Ebenezer Howard, the father of the Victorian Garden City movement, proposed to create garden cities in reaction to the poverty, lack of sanitation and overcrowding found in 19th Century cities. He dreamed about a ‘Utopian vision...designed to combine the benefits of the city and the countryside and to avoid the disadvantages of both”. Welwyn Garden City was the second version of this new garden city movement, “marrying the virtues of the city, including good wages, opportunity and amusement, with the advantages of rural life, such as low rents, natural beauty and fresh air”. Welwyn Garden City did become and still is a popular place to live and work, and it’s clear to see why the ideal propounded by Howard would be popular today.

However, we cannot copy Howard’s vision in its entirety. One of the key misconceptions about garden cities is an assumption that their uniqueness is purely down to their design and layout. As Katy Lock of the Town and Planning Association, tells us, “while there is no doubt that the concept of marrying town and country...was a fundamental factor in their success, what really sets the garden city apart is a specific set of delivery principles related to its financial model, land ownership and approach to community participation and governance.”( The Art of Building a Garden City Katy Lock 2015) In other words, one of the primary characteristics of a Garden City is that the land on which it is built is owned by a trust on behalf of the community, which subsequently manages the land and permitted development. This idea doesn’t always sit naturally within a modern context. Another misconception is that ‘garden city’ equals low-density housing whereas in reality, a mix of residential types can be found.

The concept of the garden city, then, could be considered outdated if we include the measures of ownership and density, or idealistic if we consider the often-thought image of a town developed in a parkland setting, with generous green spaces, landscaped gardens and cookie-cutter architecture. However, if we start thinking of Garden Cities - or garden communities in the modern vernacular - as a brand, rather than a formal concept with fixed parameters, then it could be a very good choice for our future.

Picture a new settlement that has been designed holistically to balance social, economic and environmental considerations: carefully planned to enhance the natural environment, with high quality and affordable housing, and community at the heart of the design. Think walkable neighbourhoods with cycle and footpaths, a strong town centre that becomes the heart of the area, employment opportunities, a discernible identity and high quality design of all the buildings.
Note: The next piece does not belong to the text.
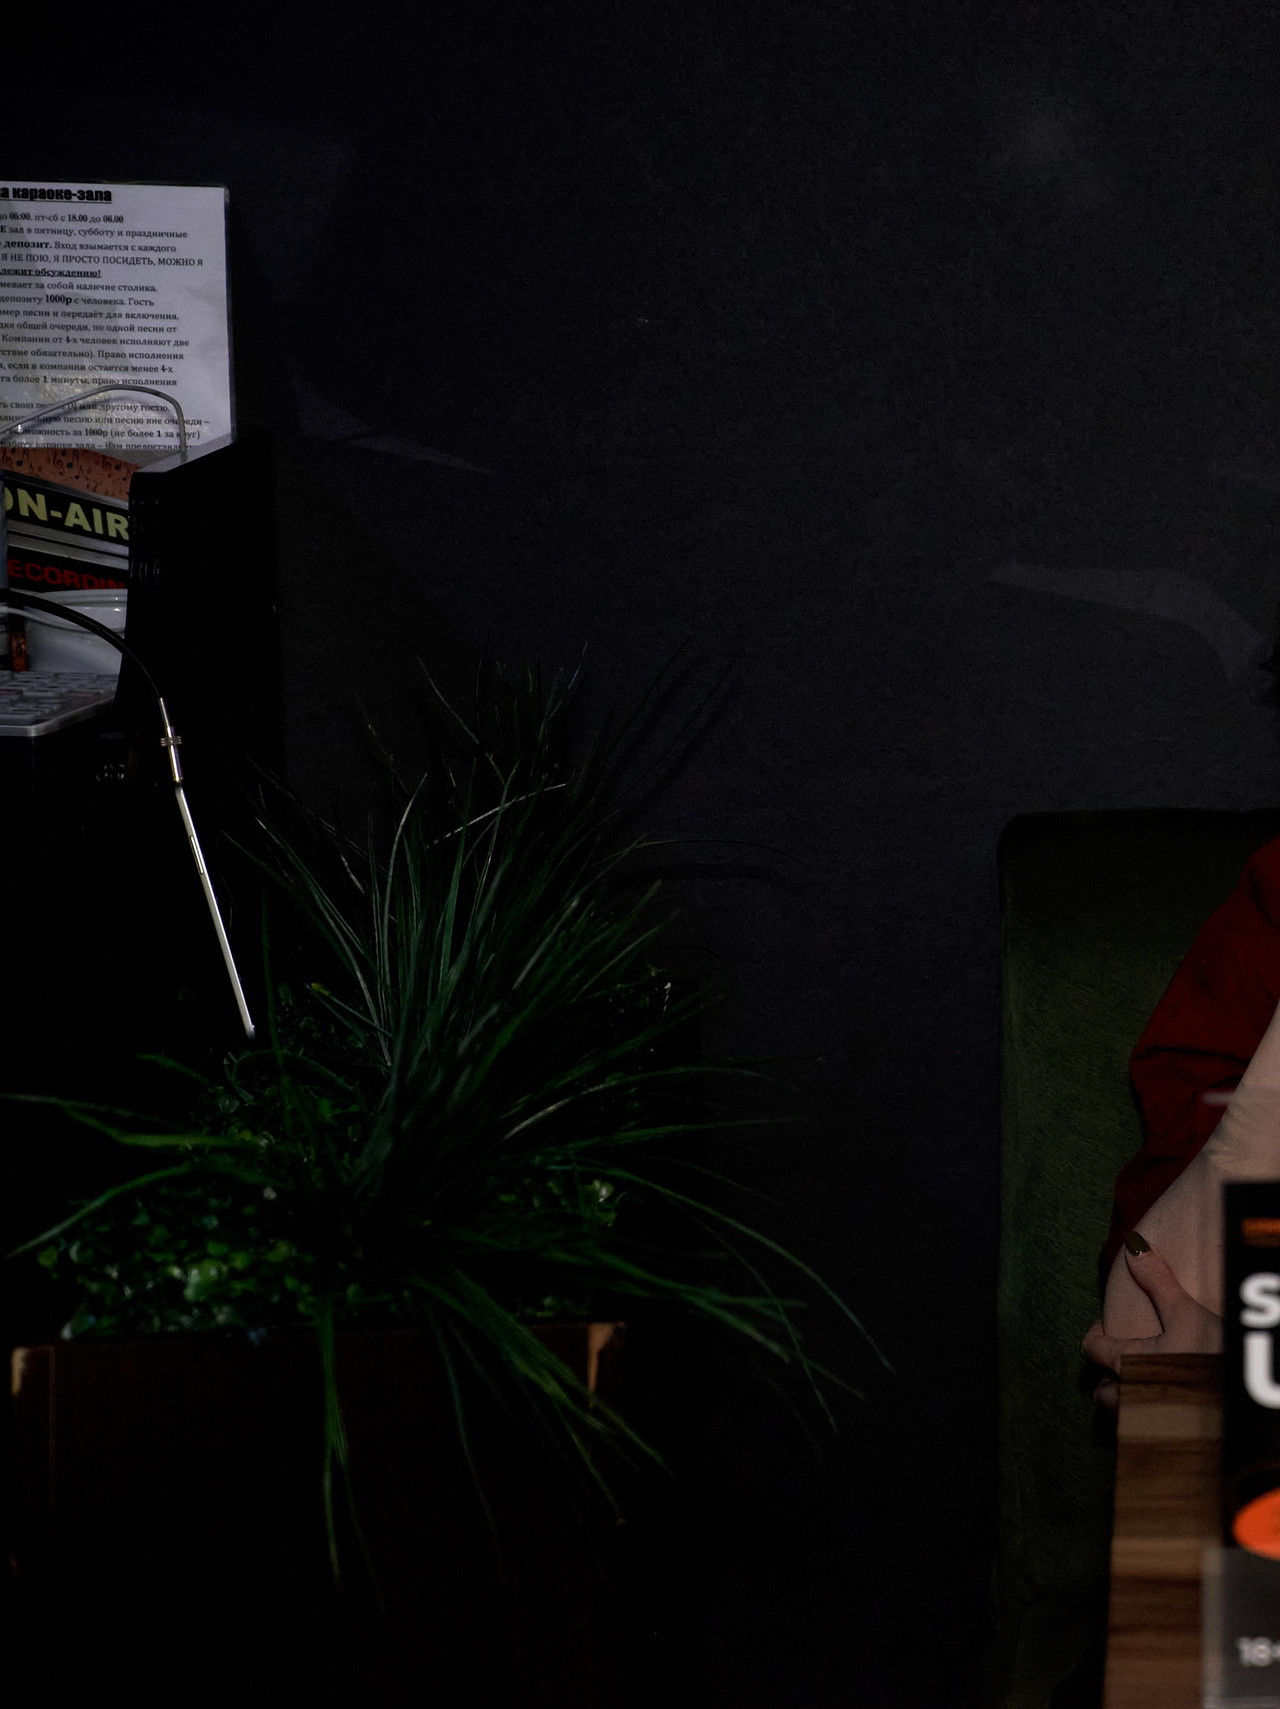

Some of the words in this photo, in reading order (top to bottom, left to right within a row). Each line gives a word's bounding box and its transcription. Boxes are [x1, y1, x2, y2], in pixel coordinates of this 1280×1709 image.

By associating our new garden communities with these ‘brand ideals’, we can attract potential investors as well as drawing in citizens that want to belong to a community and live within its ideals. Taken this way, garden communities would become a mechanism for securing a quality of life rather than merely providing new housing. They would be an umbrella brand under which we can “create an exemplar sustainable development.” Sustainability, in this context, means creating places where people will want to live and work. It's about ensuring these places cultivate a strong and healthy society that meets the diverse needs of people and promotes personal wellbeing, social cohesion and inclusion, as well as providing employment.”( Martin Williams Saunders September 2019)
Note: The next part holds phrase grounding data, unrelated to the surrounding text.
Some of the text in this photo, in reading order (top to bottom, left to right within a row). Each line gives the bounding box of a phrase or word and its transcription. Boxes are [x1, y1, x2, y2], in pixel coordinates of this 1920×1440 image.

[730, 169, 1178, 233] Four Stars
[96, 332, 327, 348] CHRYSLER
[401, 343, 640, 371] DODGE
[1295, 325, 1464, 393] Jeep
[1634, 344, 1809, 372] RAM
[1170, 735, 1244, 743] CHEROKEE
Of course, each new settlement needs to have it’s own identity, drawn from local history and associations: we are not suggesting carbon copy towns. But this is a chance to design new towns that encourage local and social gatherings, and which allow that sense of community that has become so important for us all over the past few weeks of lockdown. This is the chance to give people the opportunity to live and walk or cycle to work, school and to local shops, where the community knows one another and is willing to support their neighbours because they share a common ideal. When you forget about the historic image of garden city Arts and Crafts-style housing and replace it with buildings designed with attention to detail, constructed by craftspeople, and allow an appreciation of your surroundings and fellow man, it becomes clear that the 21st Century version of a 19th Century ideal is a viable, sustainable way to solve a housing crisis.